▸ **Exercise details**
Please give again, word for word, each line that falls between the line with "Some of the text" and the end of the data, inclusive.

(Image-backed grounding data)
*** Block opens ***
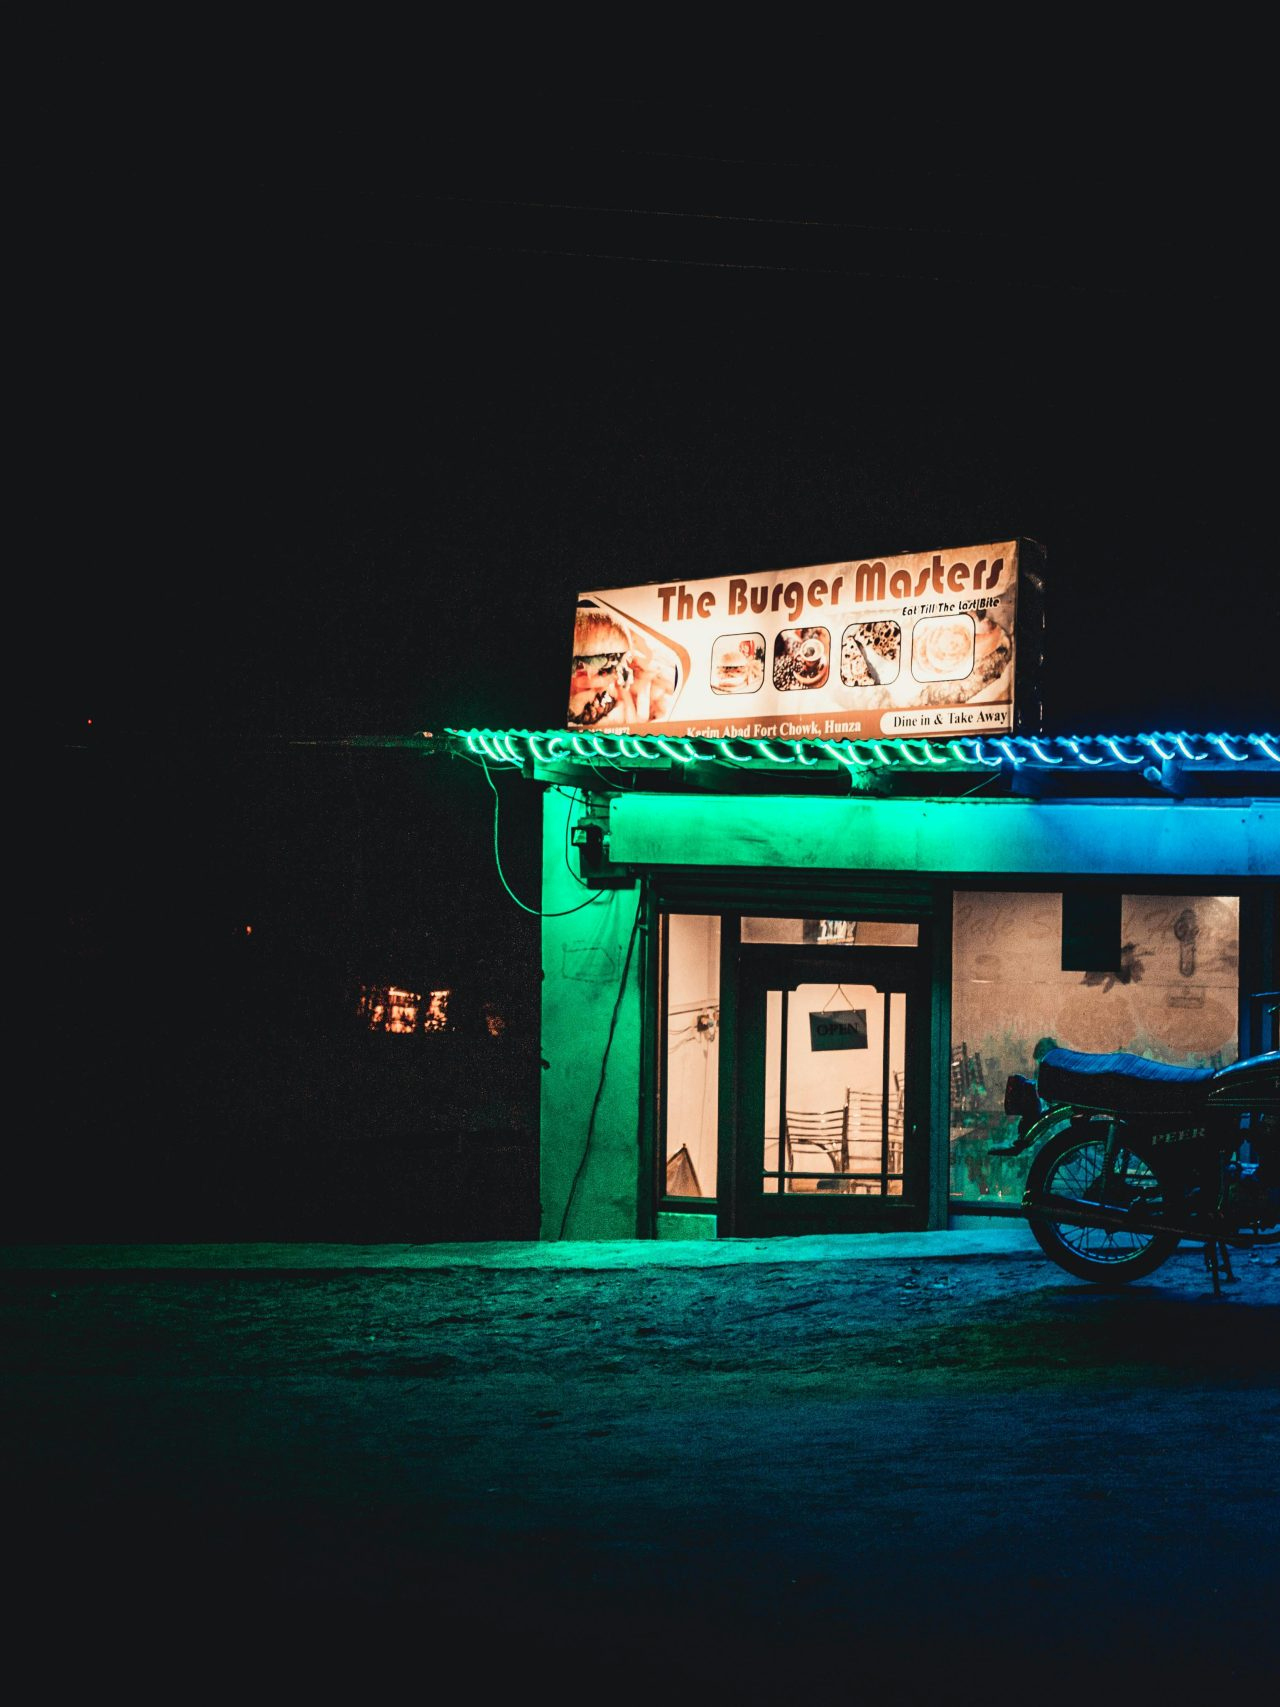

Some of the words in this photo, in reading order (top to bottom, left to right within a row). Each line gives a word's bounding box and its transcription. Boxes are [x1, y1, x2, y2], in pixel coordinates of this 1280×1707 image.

[657, 585, 716, 622] The
[728, 576, 844, 622] Burger
[855, 554, 1004, 603] Masters
[902, 606, 917, 616] Eat
[920, 603, 935, 614] Till
[938, 602, 955, 613] The
[980, 597, 1000, 609] Bite
[723, 725, 751, 738] Abad
[753, 723, 777, 737] Fort
[779, 721, 822, 737] Chowk,
[825, 719, 862, 734] Hunza
[893, 715, 918, 728] Dine
[920, 714, 931, 726] in
[933, 713, 943, 725] &
[948, 711, 974, 725] Take
[976, 710, 1008, 725] Away
[816, 1022, 859, 1036] OPEN
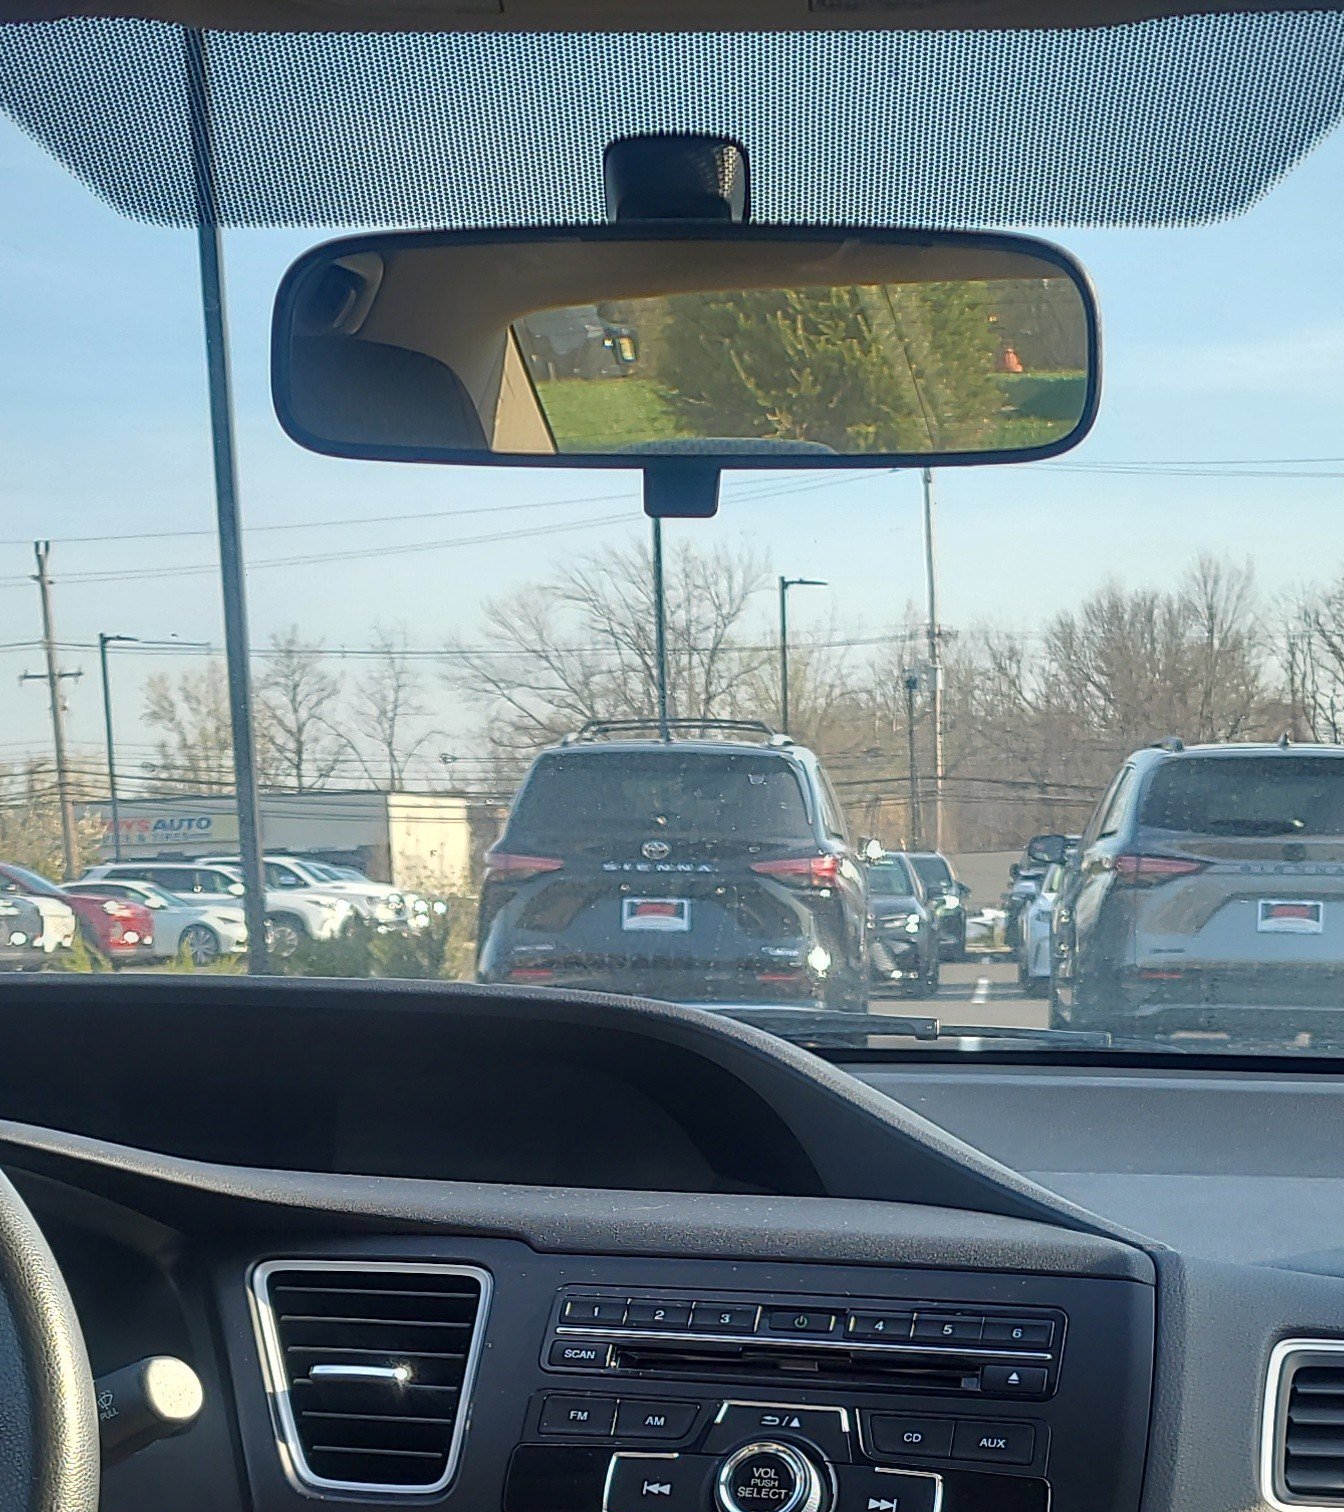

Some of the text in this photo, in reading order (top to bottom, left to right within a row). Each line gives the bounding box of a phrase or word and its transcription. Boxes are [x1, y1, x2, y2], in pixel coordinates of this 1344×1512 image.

[153, 815, 213, 831] AUTO
[592, 1306, 731, 1324] 1 2 3
[874, 1320, 1023, 1339] 4 5 6
[564, 1349, 596, 1360] SCAN
[569, 1410, 588, 1421] FM
[644, 1415, 666, 1427] AM
[903, 1432, 922, 1443] CD
[979, 1437, 1007, 1448] AUX
[753, 1467, 779, 1479] VOL
[750, 1478, 779, 1488] PUSH
[737, 1486, 788, 1500] SELECT
*** Block closes ***
▸ **Answer to the problem**
Some of the text in this photo, in reading order (top to bottom, left to right within a row). Each line gives the bounding box of a phrase or word and its transcription. Boxes are [x1, y1, x2, y2], in pixel coordinates of this 1344×1512 image.

[153, 815, 213, 831] AUTO
[592, 1306, 731, 1324] 1 2 3
[874, 1320, 1023, 1339] 4 5 6
[564, 1349, 596, 1360] SCAN
[569, 1410, 588, 1421] FM
[644, 1415, 666, 1427] AM
[903, 1432, 922, 1443] CD
[979, 1437, 1007, 1448] AUX
[753, 1467, 779, 1479] VOL
[750, 1478, 779, 1488] PUSH
[737, 1486, 788, 1500] SELECT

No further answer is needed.